Migration to the north of Ireland in the 1650s was encouraged by low rents in the aftermath of a decade of warfare. In the 1670s migration was encouraged by the Covenanter disturbances in Scotland. These fresh migrations were having a noticeable impact on local demographics. About 1670 Oliver Plunkett, Catholic archbishop of Armagh, noted that the city of Armagh had a population of approximately 3,000 persons, ‘almost all Scottish or English, with very few Irish’.

HIP Cover 1 Thumbnail

This contrasted with the towns and villages in County Armagh which, according to Plunkett, were mainly inhabited with Catholic leaseholders and peasants. In the town of Dungannon Plunkett believed that of 1,000 families barely twenty were not English or Scottish. A description of County Donegal from April 1683 noted that it was ‘plentifully planted with Protestant inhabitants, especially with great numbers out of Scotland’.

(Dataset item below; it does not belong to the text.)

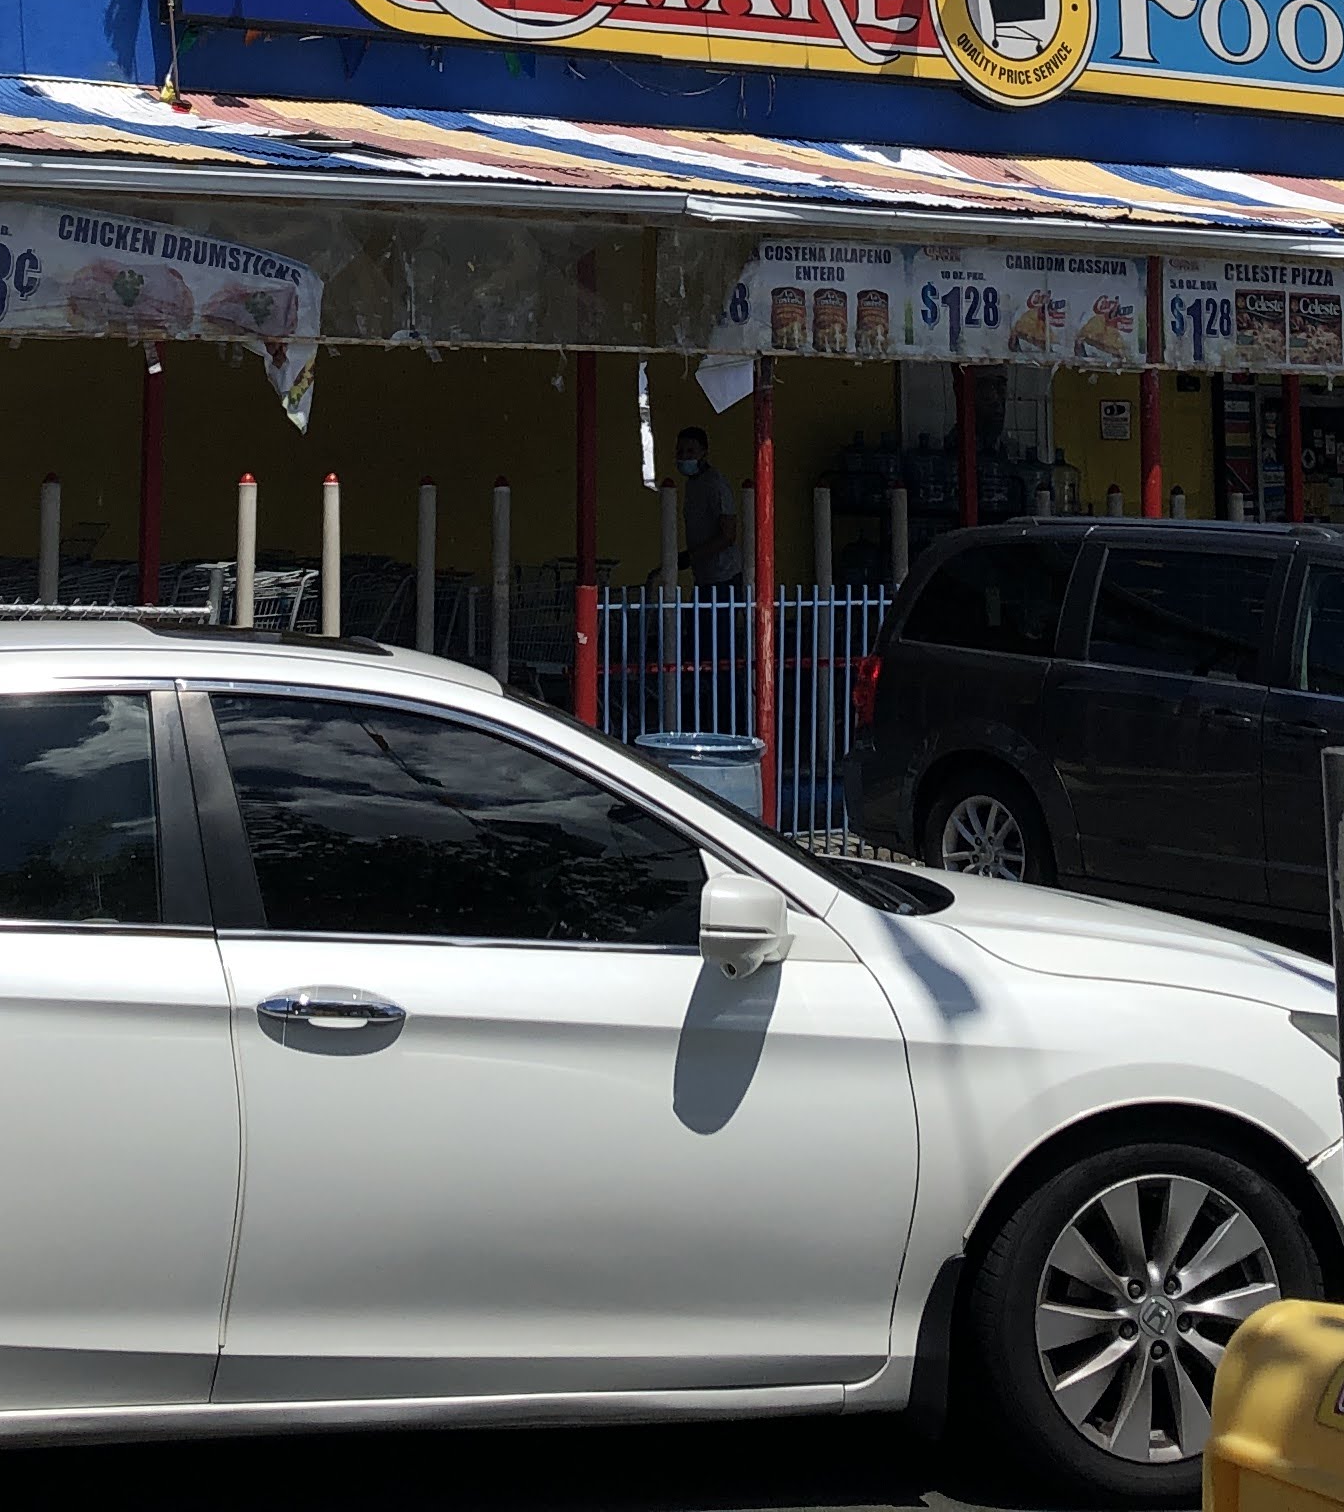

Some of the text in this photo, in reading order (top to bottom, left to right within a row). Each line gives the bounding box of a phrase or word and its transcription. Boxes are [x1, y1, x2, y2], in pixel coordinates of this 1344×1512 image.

By the second half of the seventeenth century the Presbyterian Church had emerged as a distinct denomination and there were clear lines of demarcation between it and the Church of Ireland. On the whole Scottish settlers were Presbyterian, while English settlers were Anglican, although there were numerous exceptions to this rule. In County Antrim Presbyterians formed an absolute majority. In 1673 Plunkett commented that in the dioceses of Connor and Down (comprising almost all of County Antrim and north and east County Down, the Presbyterians – ‘whose belief is an aborted form of Protestantism’ – were more numerous than Catholics and Anglicans put together. On another occasion he wrote that ‘one could travel twenty-five miles in my area without finding half a dozen Catholic of Protestant families, but all Presbyterians’. In 1683 Richard Dobbs noted that all the inhabitants of Island Magee in County Antrim, were Scottish Presbyterians.